What is being asked: Repeat the entries without change, omitting the pictures.

(Extracted data entries)
----

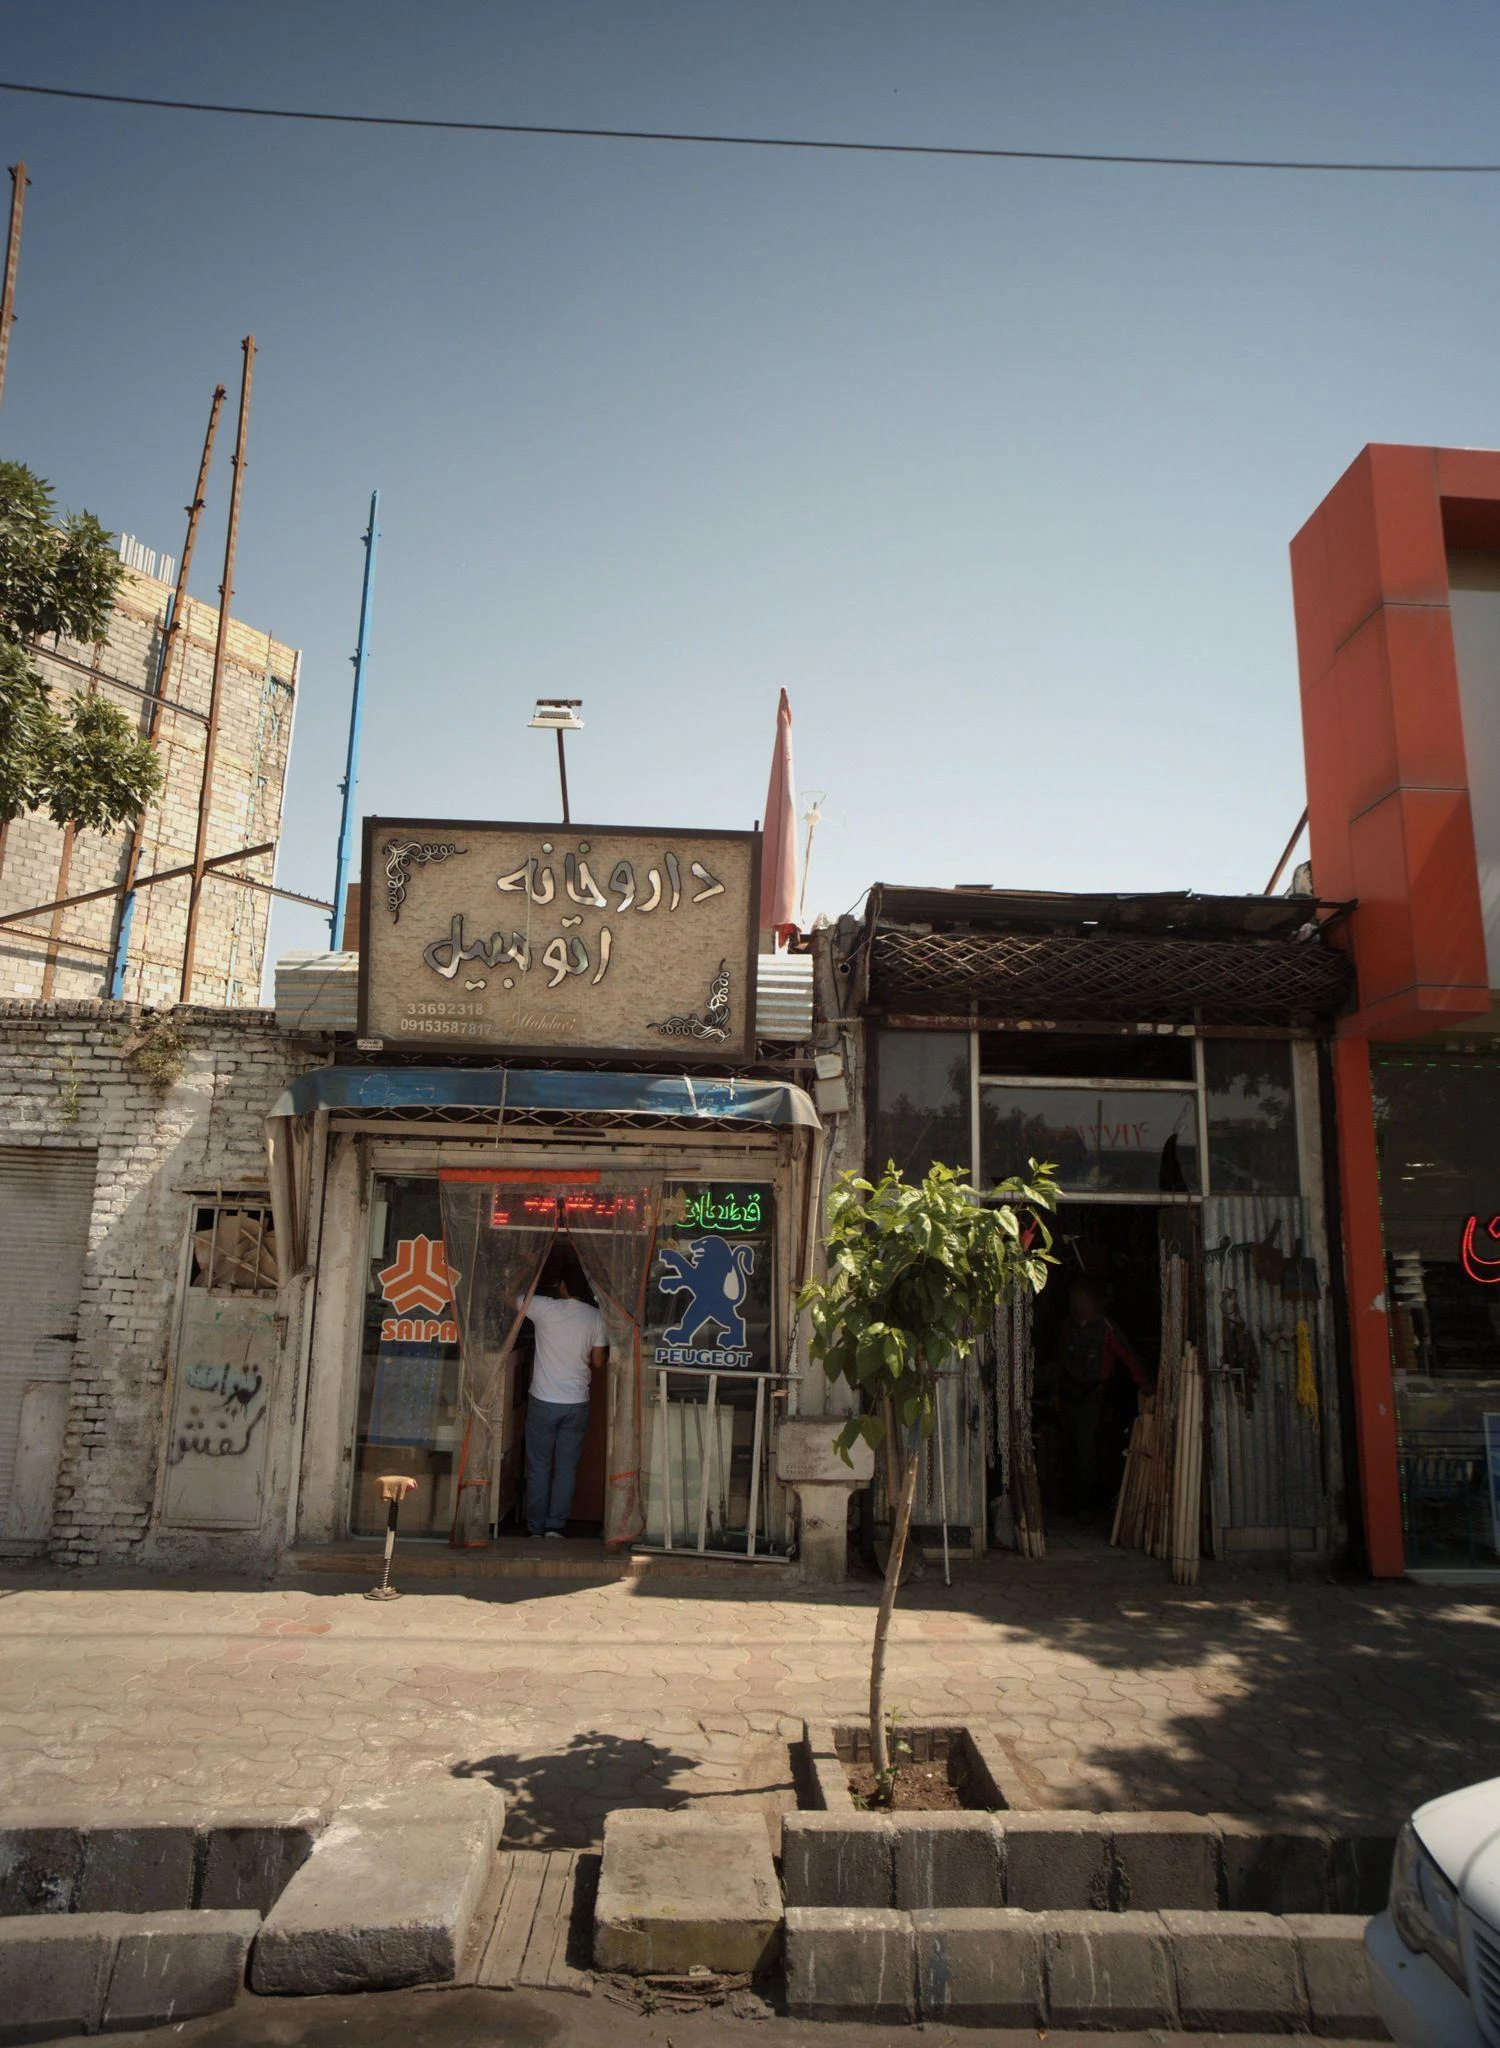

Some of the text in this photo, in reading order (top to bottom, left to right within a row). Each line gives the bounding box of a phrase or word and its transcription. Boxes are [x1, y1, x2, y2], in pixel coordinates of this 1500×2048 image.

[497, 842, 725, 912] داروخانه
[423, 913, 612, 991] اتومبیل
[407, 1003, 484, 1015] 33692318
[401, 1019, 493, 1035] 09153587817
[381, 1318, 458, 1343] SAIPA
[655, 1347, 752, 1367] PEUGEOT
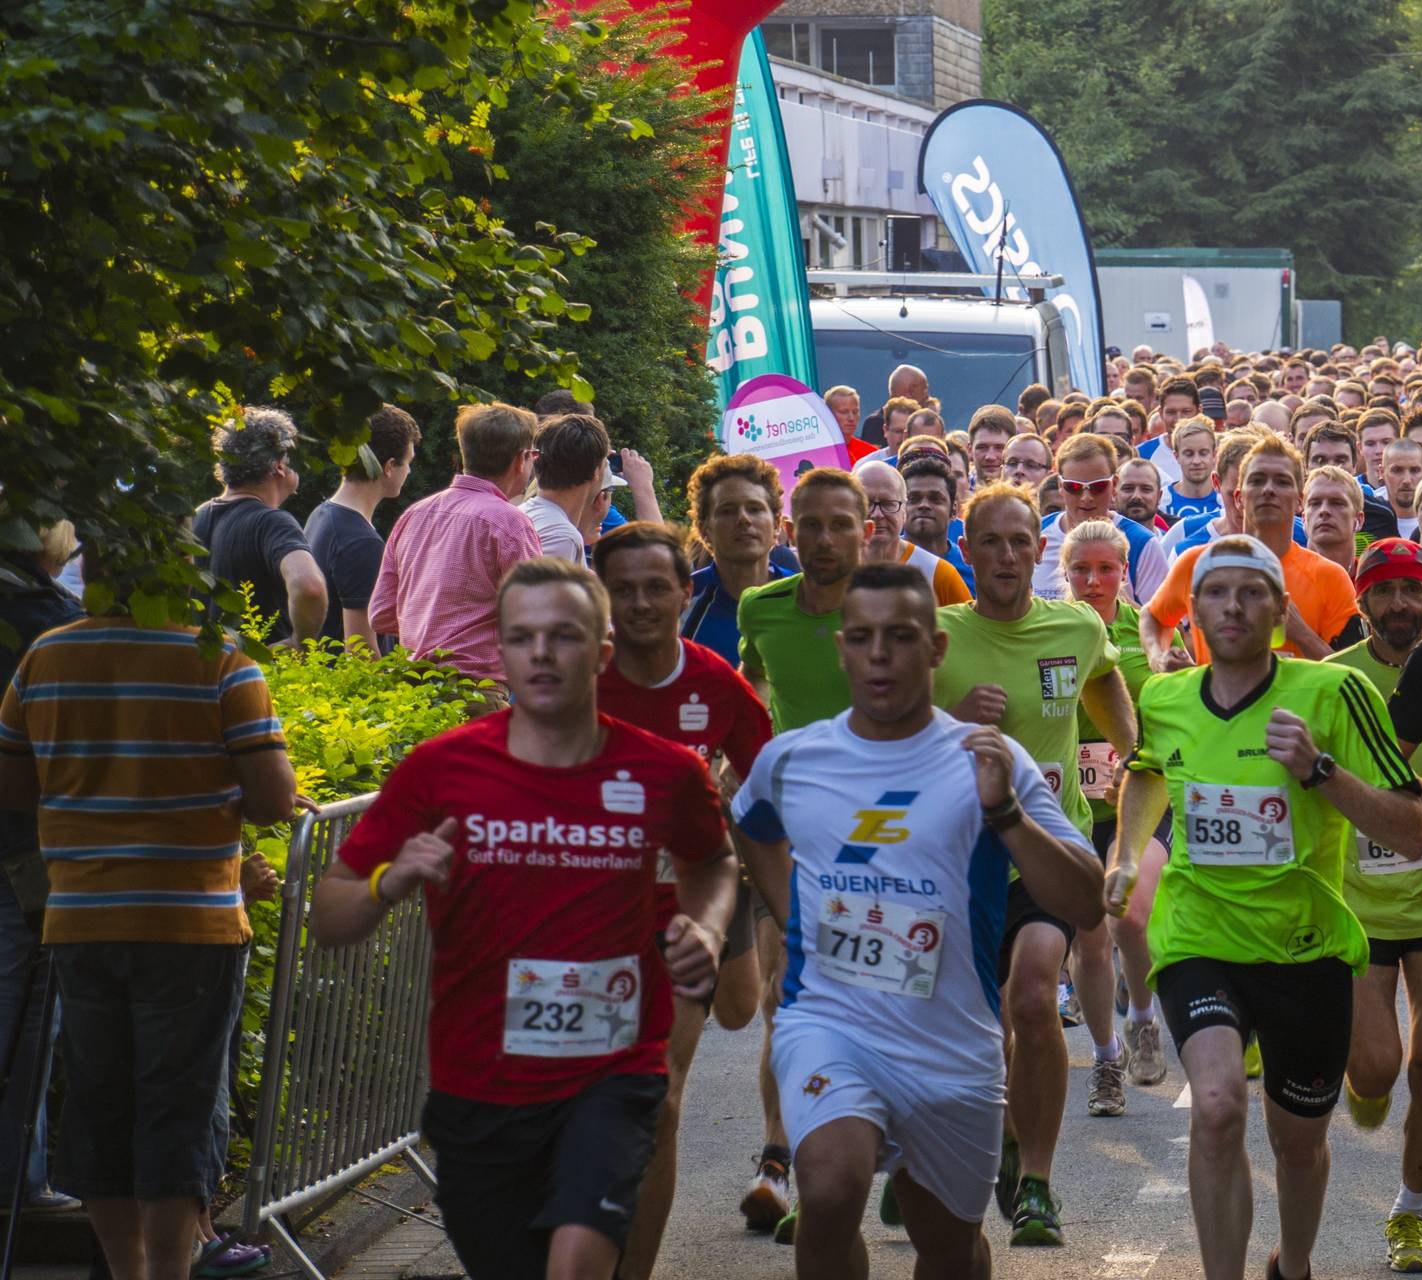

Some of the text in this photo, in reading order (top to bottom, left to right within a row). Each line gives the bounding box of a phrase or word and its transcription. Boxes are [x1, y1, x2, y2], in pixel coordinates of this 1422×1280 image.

----

Response to this task:
Some of the text in this photo, in reading order (top to bottom, left to right within a row). Each line gives the bounding box of a phrase or word and its transcription. Boxes are [x1, y1, x2, y2], in pixel coordinates of this 1500×2048 image.

[497, 842, 725, 912] داروخانه
[423, 913, 612, 991] اتومبیل
[407, 1003, 484, 1015] 33692318
[401, 1019, 493, 1035] 09153587817
[381, 1318, 458, 1343] SAIPA
[655, 1347, 752, 1367] PEUGEOT

Some of the text in this photo, in reading order (top to bottom, left to right within a row). Each line gives the bounding box of a phrase or word and its transcription. Boxes are [x1, y1, x2, y2], in pixel coordinates of this 1422×1280 image.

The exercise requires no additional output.